* [Directions for this task]:
In the records below, take the line containing "this 1600×1136 image." and every line following it, and write them out exactly.

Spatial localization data
####################

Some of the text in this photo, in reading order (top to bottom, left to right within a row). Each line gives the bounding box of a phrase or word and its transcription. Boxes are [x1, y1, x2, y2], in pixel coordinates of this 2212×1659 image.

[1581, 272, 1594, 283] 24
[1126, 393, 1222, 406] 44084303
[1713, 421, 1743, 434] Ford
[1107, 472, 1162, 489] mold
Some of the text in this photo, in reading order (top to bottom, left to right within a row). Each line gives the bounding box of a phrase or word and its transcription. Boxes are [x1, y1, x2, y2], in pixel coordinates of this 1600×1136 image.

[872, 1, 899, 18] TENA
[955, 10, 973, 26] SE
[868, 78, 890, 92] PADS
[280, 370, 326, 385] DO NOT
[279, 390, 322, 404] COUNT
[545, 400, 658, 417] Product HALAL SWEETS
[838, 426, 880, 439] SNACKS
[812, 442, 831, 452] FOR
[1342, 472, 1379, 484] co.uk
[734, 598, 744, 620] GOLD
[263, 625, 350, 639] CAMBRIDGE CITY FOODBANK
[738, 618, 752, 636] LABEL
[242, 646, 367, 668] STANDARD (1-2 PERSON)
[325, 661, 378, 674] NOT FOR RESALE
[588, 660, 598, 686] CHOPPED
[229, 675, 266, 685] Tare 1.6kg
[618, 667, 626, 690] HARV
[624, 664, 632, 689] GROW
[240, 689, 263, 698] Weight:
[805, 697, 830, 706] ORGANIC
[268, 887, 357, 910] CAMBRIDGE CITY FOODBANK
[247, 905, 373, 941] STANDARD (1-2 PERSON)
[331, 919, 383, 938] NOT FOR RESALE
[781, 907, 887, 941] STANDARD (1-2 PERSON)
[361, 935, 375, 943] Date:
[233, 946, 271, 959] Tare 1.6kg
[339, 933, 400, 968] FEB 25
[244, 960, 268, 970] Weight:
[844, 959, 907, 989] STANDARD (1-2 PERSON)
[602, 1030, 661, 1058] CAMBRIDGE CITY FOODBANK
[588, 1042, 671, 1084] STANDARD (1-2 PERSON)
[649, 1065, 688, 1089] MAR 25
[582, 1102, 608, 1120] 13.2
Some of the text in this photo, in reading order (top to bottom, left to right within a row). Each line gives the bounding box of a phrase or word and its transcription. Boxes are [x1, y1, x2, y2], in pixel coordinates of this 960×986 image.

####################

* [Task response]:
Some of the text in this photo, in reading order (top to bottom, left to right within a row). Each line gives the bounding box of a phrase or word and its transcription. Boxes are [x1, y1, x2, y2], in pixel coordinates of this 1600×1136 image.

[872, 1, 899, 18] TENA
[955, 10, 973, 26] SE
[868, 78, 890, 92] PADS
[280, 370, 326, 385] DO NOT
[279, 390, 322, 404] COUNT
[545, 400, 658, 417] Product HALAL SWEETS
[838, 426, 880, 439] SNACKS
[812, 442, 831, 452] FOR
[1342, 472, 1379, 484] co.uk
[734, 598, 744, 620] GOLD
[263, 625, 350, 639] CAMBRIDGE CITY FOODBANK
[738, 618, 752, 636] LABEL
[242, 646, 367, 668] STANDARD (1-2 PERSON)
[325, 661, 378, 674] NOT FOR RESALE
[588, 660, 598, 686] CHOPPED
[229, 675, 266, 685] Tare 1.6kg
[618, 667, 626, 690] HARV
[624, 664, 632, 689] GROW
[240, 689, 263, 698] Weight:
[805, 697, 830, 706] ORGANIC
[268, 887, 357, 910] CAMBRIDGE CITY FOODBANK
[247, 905, 373, 941] STANDARD (1-2 PERSON)
[331, 919, 383, 938] NOT FOR RESALE
[781, 907, 887, 941] STANDARD (1-2 PERSON)
[361, 935, 375, 943] Date:
[233, 946, 271, 959] Tare 1.6kg
[339, 933, 400, 968] FEB 25
[244, 960, 268, 970] Weight:
[844, 959, 907, 989] STANDARD (1-2 PERSON)
[602, 1030, 661, 1058] CAMBRIDGE CITY FOODBANK
[588, 1042, 671, 1084] STANDARD (1-2 PERSON)
[649, 1065, 688, 1089] MAR 25
[582, 1102, 608, 1120] 13.2
Some of the text in this photo, in reading order (top to bottom, left to right within a row). Each line gives the bounding box of a phrase or word and its transcription. Boxes are [x1, y1, x2, y2], in pixel coordinates of this 960×986 image.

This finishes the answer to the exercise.